The advice you've received is spot on. I suspect that by now your son and the other kids also throw these fits out of habit, so it may take something additional to break the habit.
First I would make it crystal clear what acceptable leaving behavior looks like and what unacceptable leaving behavior looks like (a T chart works great). In fact, you could begin the playdate by making the chart together, with the other friend and parent. Make it fun! Let the kids make lots of suggestions and be silly and dramatic in a fun way. Next, you could let the kids know that there will be 2-3 practice goodbyes. Announce after 15 minutes, "Okay, we're going to pretend to leave! Show me what a naughty goodbye looks like!" Let the ham it up, but keep it short. Then do again, immediately, this time showing what kids look like who have good manners when it's time to go. Repeat the whole process 30-45 minutes later.
Another option is to have them play-act it with stuffed animals. Kids really get into that and it takes the spotlight off of themselves, which seems to help.
I would include in your T chart what the consequences are for kids who have good manners when it's time to go: they get to continue to have regular playdates. Kids who do not show good manners? Perhaps the next playdate is only 15 minutes (I know- a tough one because the playdate is often a much needed break for the parent!). As behavior improves, so does the length of the playdate.

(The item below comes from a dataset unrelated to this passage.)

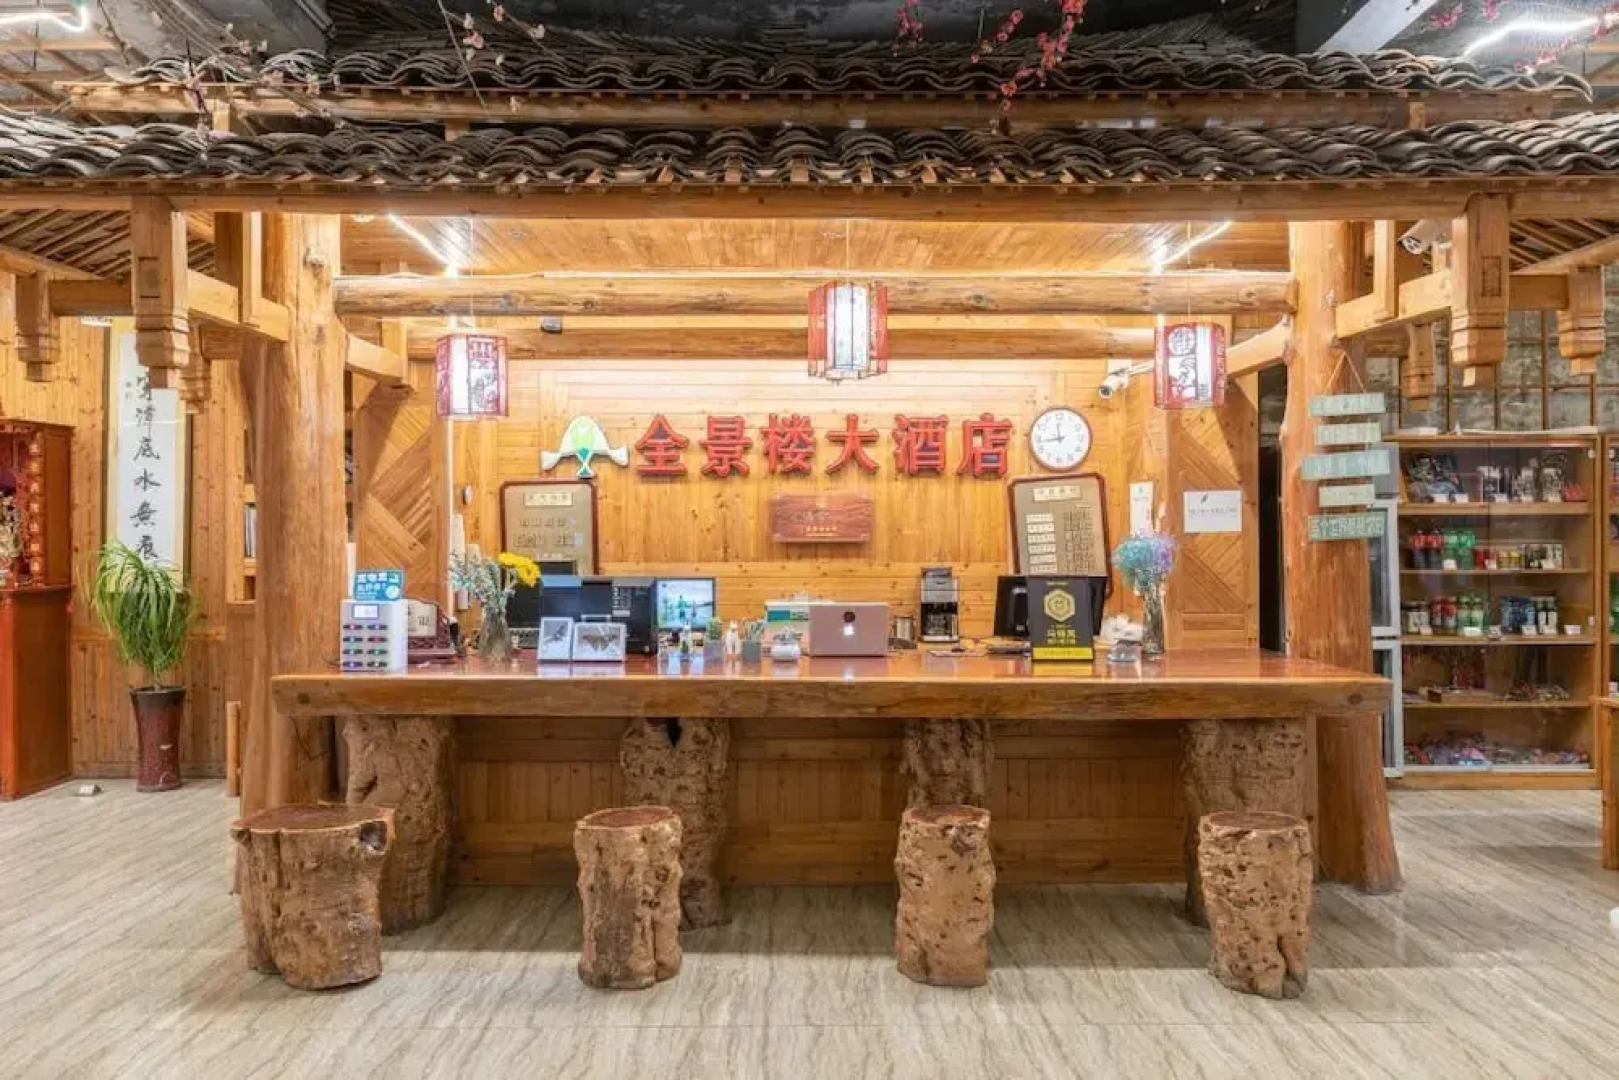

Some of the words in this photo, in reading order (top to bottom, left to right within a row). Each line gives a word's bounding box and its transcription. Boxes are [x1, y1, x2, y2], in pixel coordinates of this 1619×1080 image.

Good luck! One final suggestion: my daughter responds beautifully to reverse psychology. When it's time to begin the goodbye process, I whine to her, "Please throw a big fit! Please please please! Throw some toys and stomp your feet! Pleeease!" She vehemently says she won't, at which point I pretend to cry dramatically. It sends the kids into hysterical laughter and seems to work. How textbook psychology can you get? : )
J.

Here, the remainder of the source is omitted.